I take "clone" to mean a reverse engineered illegal copy, a rip-off. First time I encountered the term was in the early 80s where the market was flooded with Apple][ clones from the east, nick-named "Japples".

Something being built legitimately according to an open source licence according to the designer's specs is surely not a "clone", although it can't carry the branding. If the boards you're looking at are using the branding illegally, then you should alert Arduino to that.

arduinoismyfan:
All my Arduinos are compatibles or as called "clones", and they are just fantastic! the price was great and I'm having no issues with it.
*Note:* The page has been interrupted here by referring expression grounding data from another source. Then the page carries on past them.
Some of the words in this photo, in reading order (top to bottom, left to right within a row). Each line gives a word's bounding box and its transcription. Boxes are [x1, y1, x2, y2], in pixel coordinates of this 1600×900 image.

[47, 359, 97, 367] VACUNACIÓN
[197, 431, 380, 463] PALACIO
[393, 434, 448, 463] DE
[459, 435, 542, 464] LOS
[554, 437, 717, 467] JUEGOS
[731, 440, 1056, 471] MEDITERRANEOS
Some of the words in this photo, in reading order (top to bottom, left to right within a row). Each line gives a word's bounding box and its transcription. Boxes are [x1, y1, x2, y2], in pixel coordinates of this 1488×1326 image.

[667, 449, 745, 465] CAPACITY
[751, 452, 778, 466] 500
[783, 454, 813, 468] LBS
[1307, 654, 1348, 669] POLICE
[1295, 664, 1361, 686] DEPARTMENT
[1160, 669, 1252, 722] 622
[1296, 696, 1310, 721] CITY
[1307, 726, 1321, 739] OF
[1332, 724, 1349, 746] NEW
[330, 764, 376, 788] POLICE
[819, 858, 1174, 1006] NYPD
The how can you possibly justify your name arduinoismyfan?

If it is pretending to be an Arduino then it is illegal, if it is just saying it is Arduino compatible or some such it is fine.

However, if you are happy to participate in this forum which is financed by Arduino from the sales of there products then are you not being a bit of a parasitic hypocrite? All take and no give, bad for the soul.
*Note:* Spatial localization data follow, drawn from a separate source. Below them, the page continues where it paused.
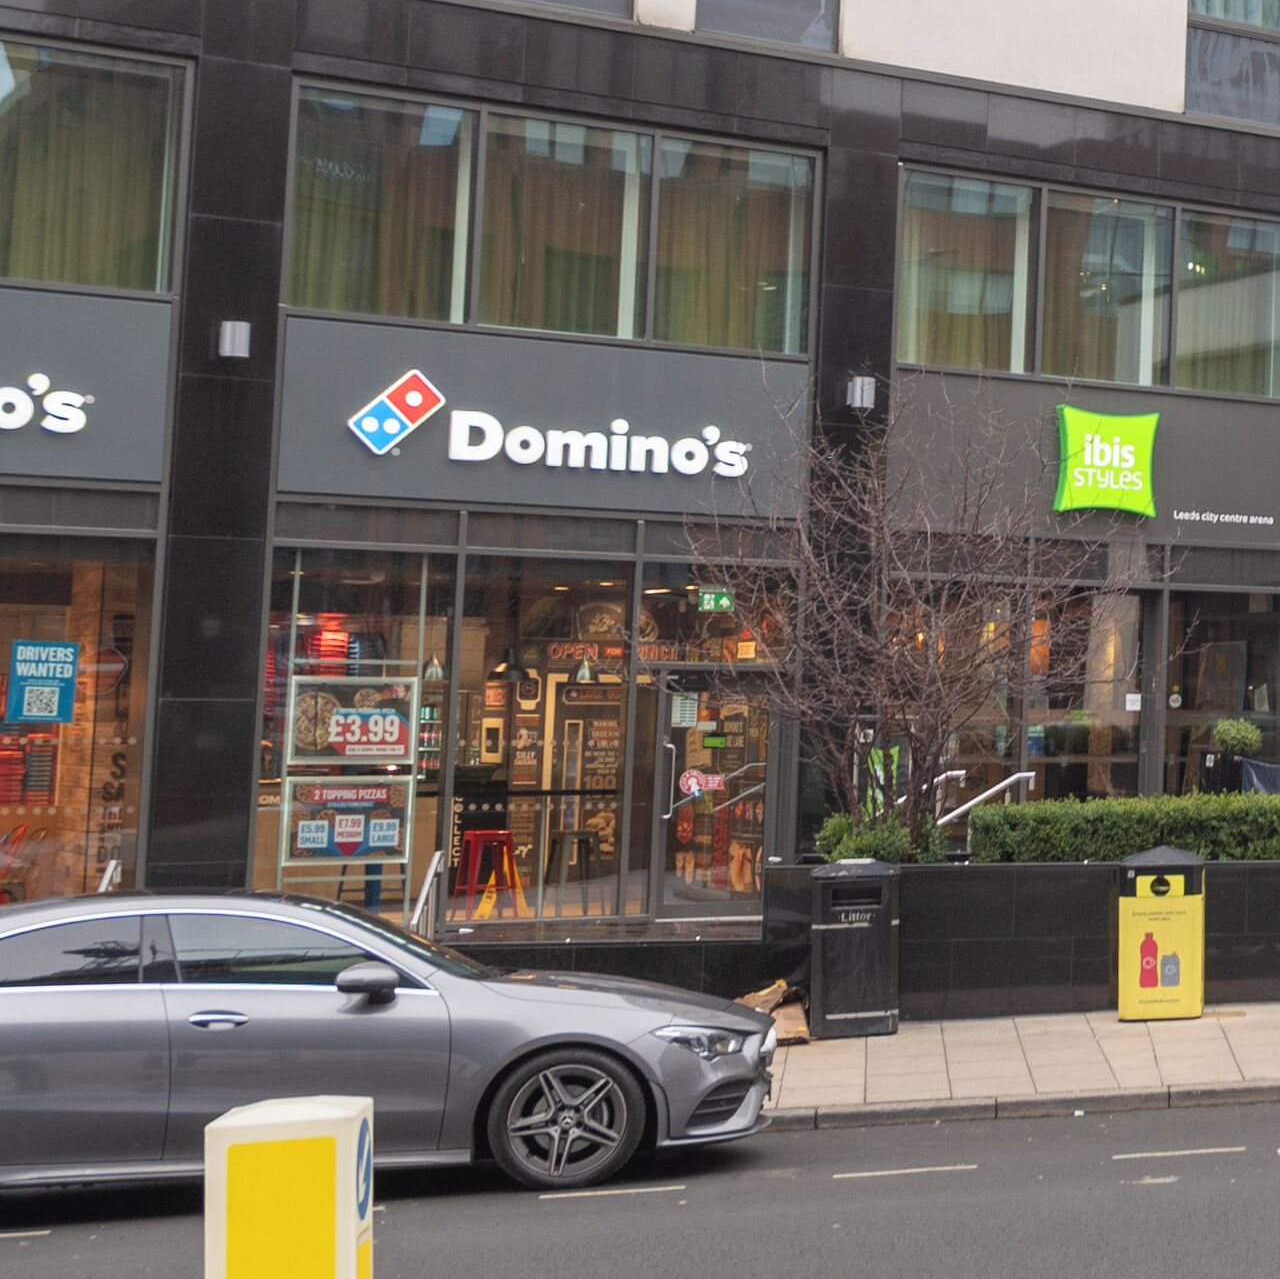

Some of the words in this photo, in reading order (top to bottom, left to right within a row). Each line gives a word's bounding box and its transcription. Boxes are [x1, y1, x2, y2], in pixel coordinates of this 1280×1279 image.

[449, 410, 749, 478] Domino's
[1083, 433, 1136, 469] ibis
[1173, 509, 1200, 521] Leeds
[1201, 511, 1219, 524] city
[1219, 513, 1249, 523] centre
[1249, 515, 1275, 525] arena
[16, 645, 75, 662] DRIVERS
[547, 641, 599, 660] OPEN
[16, 662, 73, 678] WANTED
[327, 714, 400, 743] £3.99
[313, 790, 322, 801] 2
[322, 789, 357, 801] TOPPING
[357, 788, 388, 800] PIZZAS
[301, 823, 327, 834] £5.99
[338, 818, 362, 829] £7.99
[372, 822, 397, 832] £9.99
[300, 834, 326, 845] SMALL
[336, 829, 362, 838] MEDIUM
[371, 833, 396, 843] LARGE
If you're capable of putting a bootloader onto blank parts, you might be okay.

andreto:
Should I have any reservations about using the clone boards from China...

Only moral ones.

JimboZA:
Surely they're not "clones" in an open source environment?
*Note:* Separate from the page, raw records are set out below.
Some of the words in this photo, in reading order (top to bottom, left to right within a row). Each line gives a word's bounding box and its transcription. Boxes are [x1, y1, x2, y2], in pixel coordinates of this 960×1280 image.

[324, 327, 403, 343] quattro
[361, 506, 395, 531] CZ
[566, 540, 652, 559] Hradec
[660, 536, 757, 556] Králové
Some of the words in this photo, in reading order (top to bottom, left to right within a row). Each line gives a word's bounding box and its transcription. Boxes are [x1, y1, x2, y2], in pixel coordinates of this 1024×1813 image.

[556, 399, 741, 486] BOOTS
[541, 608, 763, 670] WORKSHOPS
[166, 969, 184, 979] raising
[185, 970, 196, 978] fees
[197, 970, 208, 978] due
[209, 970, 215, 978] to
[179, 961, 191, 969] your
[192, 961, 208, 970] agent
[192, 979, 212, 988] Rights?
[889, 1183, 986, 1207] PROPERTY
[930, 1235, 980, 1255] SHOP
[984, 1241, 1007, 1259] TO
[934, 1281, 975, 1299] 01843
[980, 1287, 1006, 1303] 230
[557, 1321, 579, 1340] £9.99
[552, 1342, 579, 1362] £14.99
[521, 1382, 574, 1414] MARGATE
I take "clone" to mean a reverse engineered illegal copy, a rip-off. First time I encountered the term was in the early 80s where the market was flooded with Apple][ clones from the east, nick-named "Japples".

It is a clone if it calls itself an Arduino Pro Mini (or Arduino anything) rather than an Arduino Pro Mini compatible. The Arduino is open source, but they hold IP on the name and other aspects. The sale of official boards help fund further development and the O&M for this site.

Using chinese clones is a hit and miss situation. Generally the price (and reputation of the seller) are your best guides. If the price is close (say 70-100%) of the price of an official board then you can be reasonably confident that they are simply cutting out 'overhead' (like supporting this forum) to get you their clone. However, if the price is less than say 70% of the price of the official board, you significantly increase the liklihood of something shady going on. The boards might still work for you, but some of the things others have found is the chips aren't even AVR's, just plastic cases with no silicon inside... And even if the parts are real, they are almost certainly the absolute lowest quality the seller/manufacturer could obtain. The cliche "You get what you pay for." is valid in this situation.

wanderson:

JimboZA:
Something being built legitimately according to an open source licence according to the designer’s specs is surely not a “clone”, although it can’t carry the branding. If the boards you’re looking at are using the branding illegally, then you should alert Arduino to that.

It is a clone if it calls itself an Arduino Pro Mini (or Arduino anything) rather than an Arduino Pro Mini compatible. The Arduino is open source, but they hold IP on the name and other aspects.

Yeah that’s kinda what I said.

JimboZA:
If the boards you're looking at are using the branding illegally, then you should alert Arduino to that.

Noted from that website, where the boards are clearly labelled as "Arduino Uno" with the symbol,

Arduino AUR3S-ELITE-KIT (Inlcudes Generic Uno R3 Board)

Inlcudes?

I'm suspicious of that Unihobbies website. Unless I'm missing something, it doesn't give their physical or postal address anywhere; yet when I went to sign up (I'm in South Africa too) it wants my address. I cancelled then...

Although it gives one local phone number (area code for Port Elizabeth), their map is centred on Naples, Italy.

I'll stick to these guys; been using them for 2 years, fault-free.